TMEM175 Activators

Chemical activators of TMEM175 utilize a variety of methods to enhance the channel's ability to conduct potassium ions across lysosomal membranes. ML335, for instance, directly targets TMEM175, stabilizing the channel in its open state and thereby facilitating the flow of K+ ions. Similarly, ML402 acts as a selective activator, binding to the channel and increasing its open probability. In a somewhat paradoxical fashion, Clofilium tosylate, a compound traditionally acknowledged as a potassium channel blocker, has been found to activate TMEM175 at certain concentrations by modifying the gating dynamics of the channel which, in turn, augments the K+ current. NS8593 hydrochloride contributes to the activity of TMEM175 by attaching to a site that is separate from the central pore, adjusting the channel's gating characteristics to favor an open state.

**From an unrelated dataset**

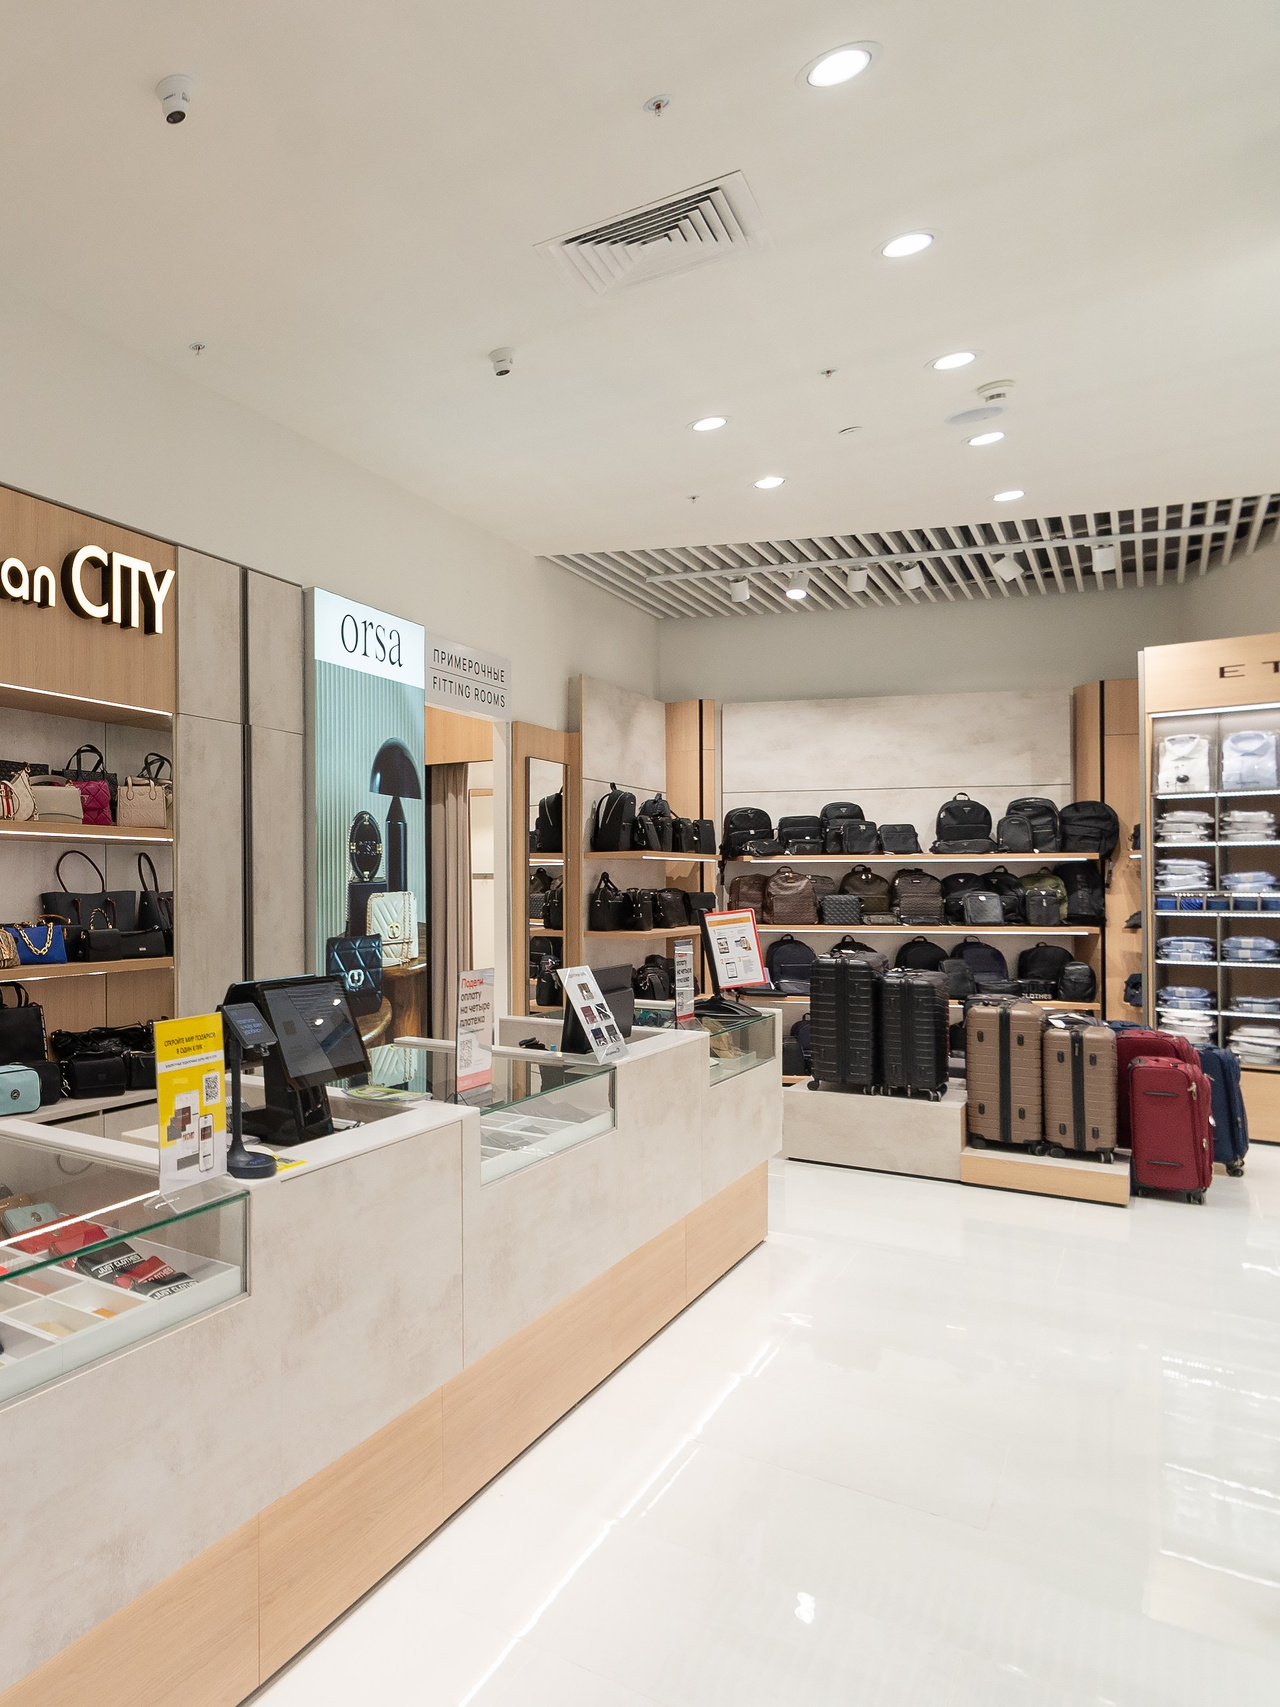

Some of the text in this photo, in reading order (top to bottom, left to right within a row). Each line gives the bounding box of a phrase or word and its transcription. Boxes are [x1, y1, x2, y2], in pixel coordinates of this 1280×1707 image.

Further expanding the diversity of activation mechanisms, GW274150 indirectly stimulates TMEM175 by inhibiting inducible nitric oxide synthase, which leads to lower nitric oxide levels that could otherwise inhibit the channel. Dihydrokainic acid increases extracellular glutamate, leading to lysosomal membrane depolarization and consequent TMEM175 activation. Bithionol acts by modifying the lysosomal pH, which in turn affects the proton gradient crucial for TMEM175 regulation. Verapamil hydrochloride, although primarily associated with calcium channel modulation, can also activate TMEM175 by influencing the ionic balance within lysosomal compartments. Zinc pyrithione binds to modulatory sites on TMEM175, altering the gating kinetics and promoting channel opening. Harmane affects the redox state within lysosomes, inducing conformational changes in TMEM175 that favor an open state. Lastly, desipramine hydrochloride and flufenamic acid influence the lysosomal membrane and transmembrane electric field, respectively, each facilitating the open state of TMEM175 and enhancing potassium ion conduction.